# [Data for review]
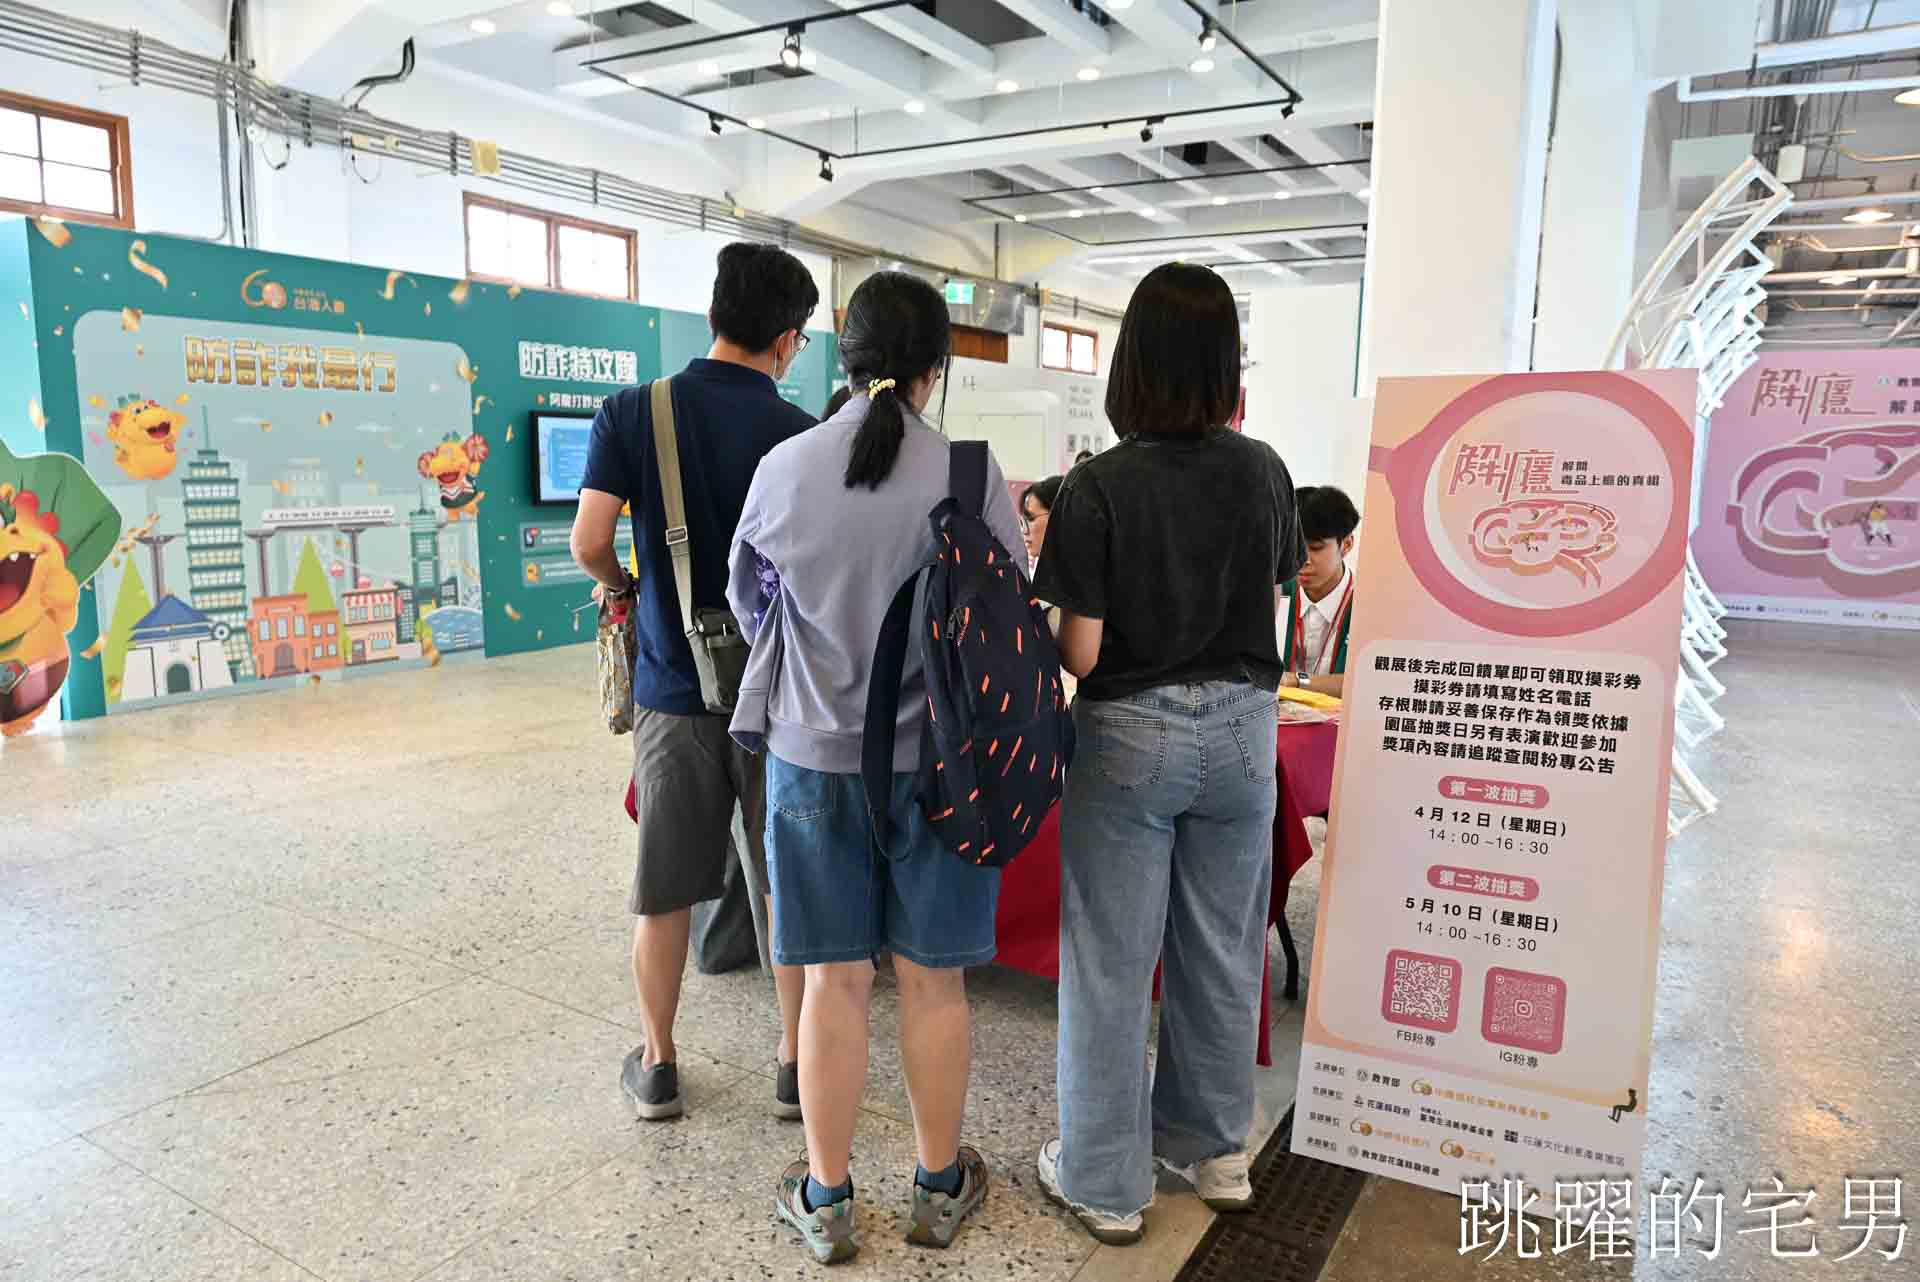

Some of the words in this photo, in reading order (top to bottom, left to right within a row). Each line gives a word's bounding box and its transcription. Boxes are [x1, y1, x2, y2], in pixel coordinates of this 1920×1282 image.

[185, 336, 397, 393] 防詐我最行
[518, 340, 638, 385] 防詐特攻隊
[1375, 656, 1641, 690] 觀展後完成回饋單即可領取摸彩券
[1413, 678, 1591, 708] 摸彩券請填寫姓名電話
[1378, 695, 1629, 732] 存根聯請妥善保存作為領獎依據
[1384, 716, 1617, 753] 園區抽獎日另有表演歡迎參加
[1382, 736, 1615, 774] 獎項內容請追蹤查閱粉專公告
[1449, 780, 1537, 804] 第一波抽獎
[1439, 870, 1527, 897] 第二波抽獎
[1397, 1030, 1435, 1047] FB粉專
[1499, 1051, 1539, 1068] IG粉專

# [Action item]
Exclude the pictures. Write out the remaining data exactly.

# [Solution below]
Some of the words in this photo, in reading order (top to bottom, left to right within a row). Each line gives a word's bounding box and its transcription. Boxes are [x1, y1, x2, y2], in pixel coordinates of this 1920×1282 image.

[185, 336, 397, 393] 防詐我最行
[518, 340, 638, 385] 防詐特攻隊
[1375, 656, 1641, 690] 觀展後完成回饋單即可領取摸彩券
[1413, 678, 1591, 708] 摸彩券請填寫姓名電話
[1378, 695, 1629, 732] 存根聯請妥善保存作為領獎依據
[1384, 716, 1617, 753] 園區抽獎日另有表演歡迎參加
[1382, 736, 1615, 774] 獎項內容請追蹤查閱粉專公告
[1449, 780, 1537, 804] 第一波抽獎
[1439, 870, 1527, 897] 第二波抽獎
[1397, 1030, 1435, 1047] FB粉專
[1499, 1051, 1539, 1068] IG粉專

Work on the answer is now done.